--- Task prompt ---
Without the images, write out all of the following entries exactly.

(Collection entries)
----
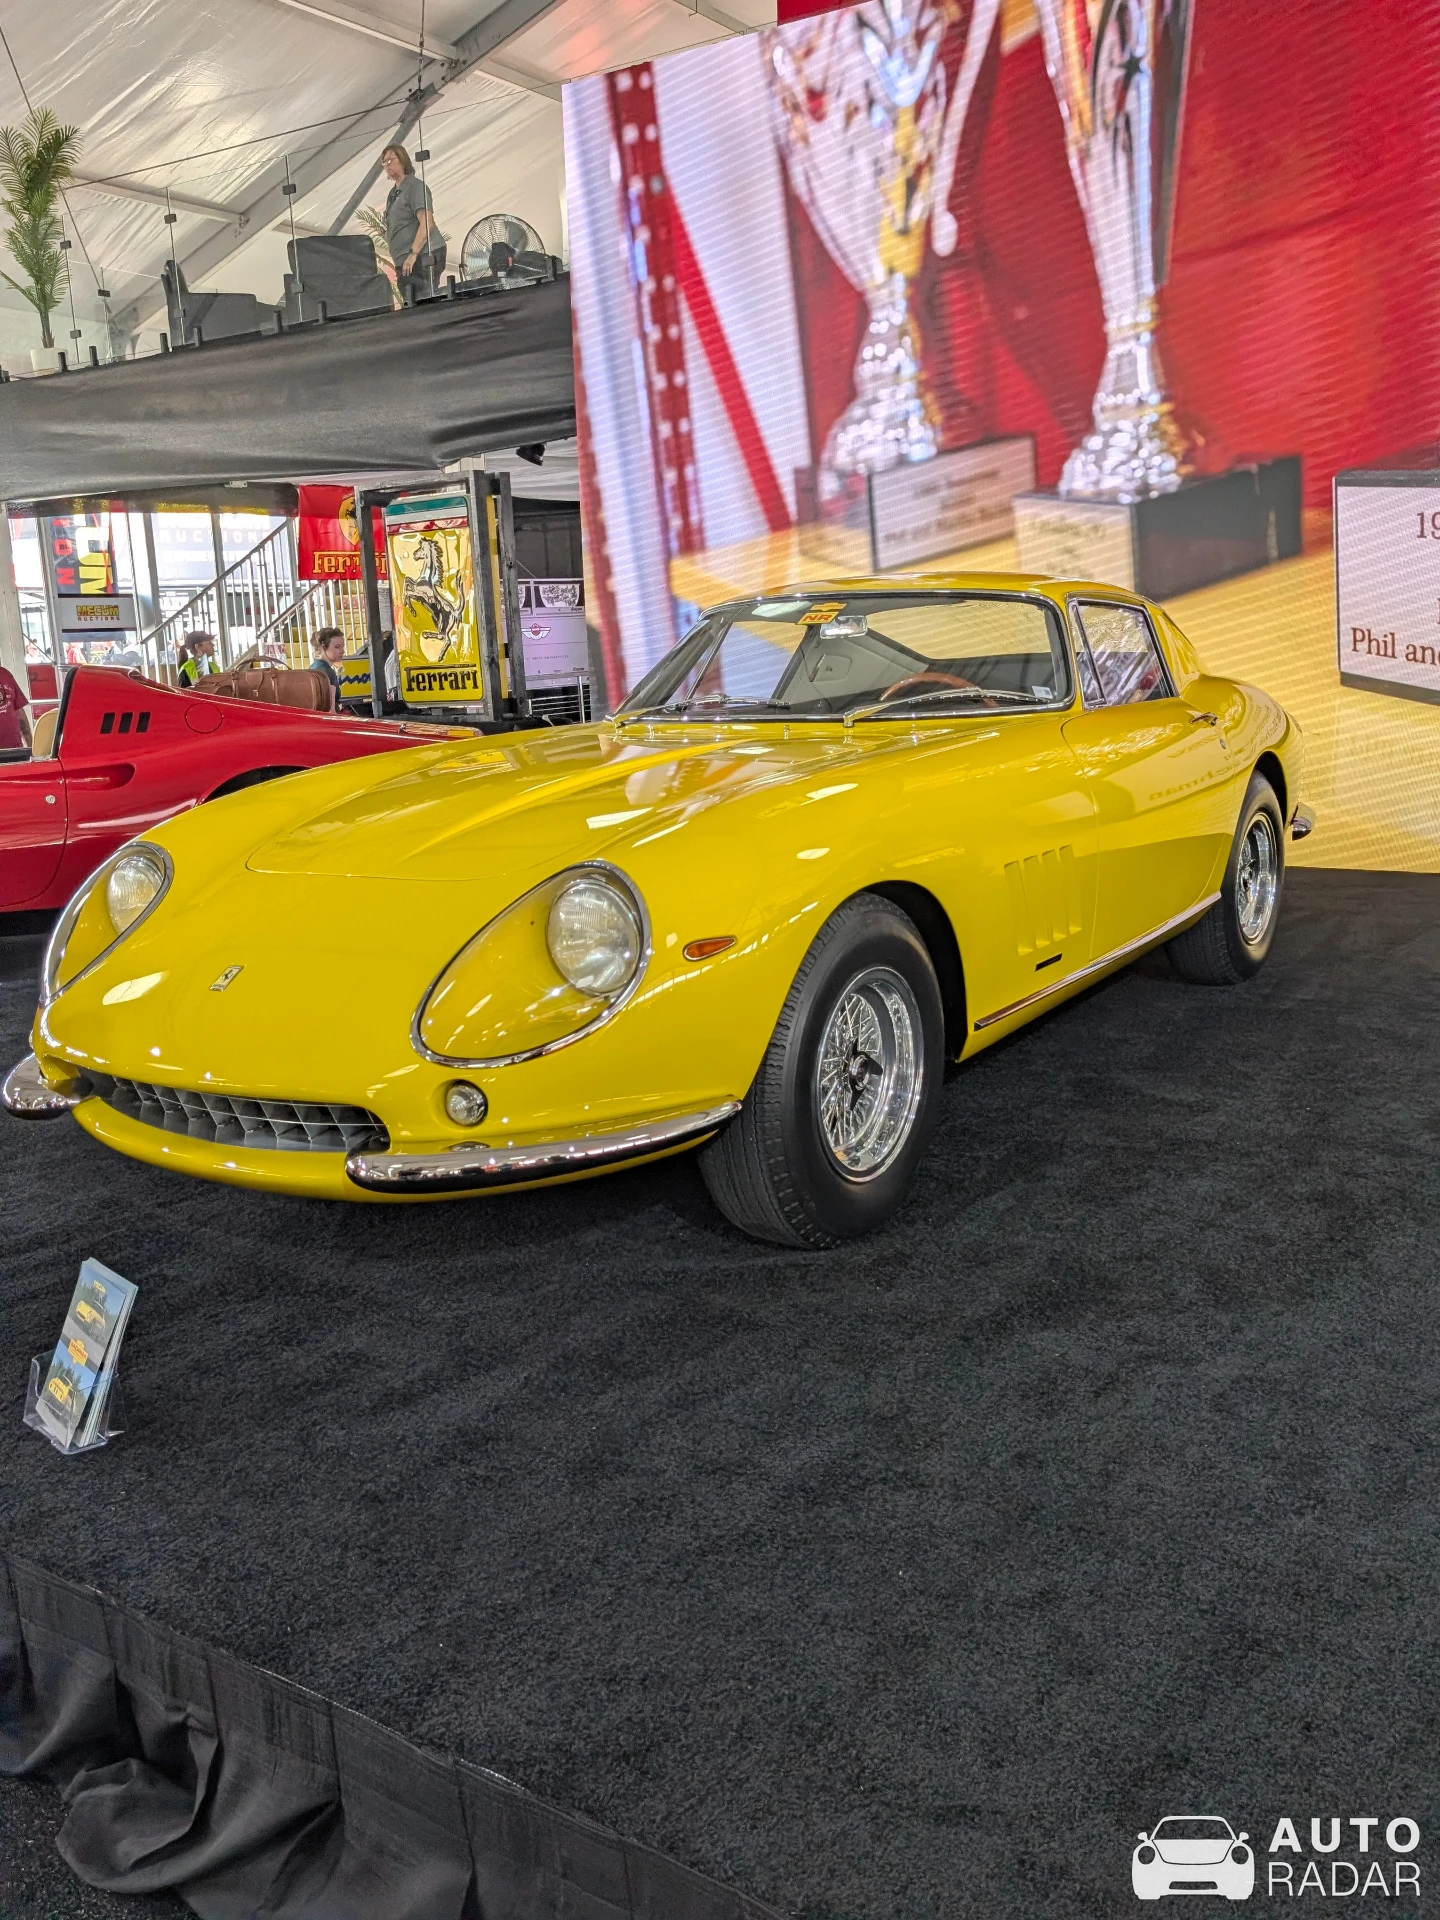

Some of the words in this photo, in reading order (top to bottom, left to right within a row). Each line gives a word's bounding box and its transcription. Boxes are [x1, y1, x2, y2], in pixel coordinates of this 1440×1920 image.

[160, 529, 272, 543] AUCION
[76, 605, 119, 616] MECUM
[1351, 627, 1397, 659] Phil
[1405, 643, 1440, 666] an
[404, 663, 479, 692] Ferrari
----
--- Task result ---
Some of the words in this photo, in reading order (top to bottom, left to right within a row). Each line gives a word's bounding box and its transcription. Boxes are [x1, y1, x2, y2], in pixel coordinates of this 1440×1920 image.

[160, 529, 272, 543] AUCION
[76, 605, 119, 616] MECUM
[1351, 627, 1397, 659] Phil
[1405, 643, 1440, 666] an
[404, 663, 479, 692] Ferrari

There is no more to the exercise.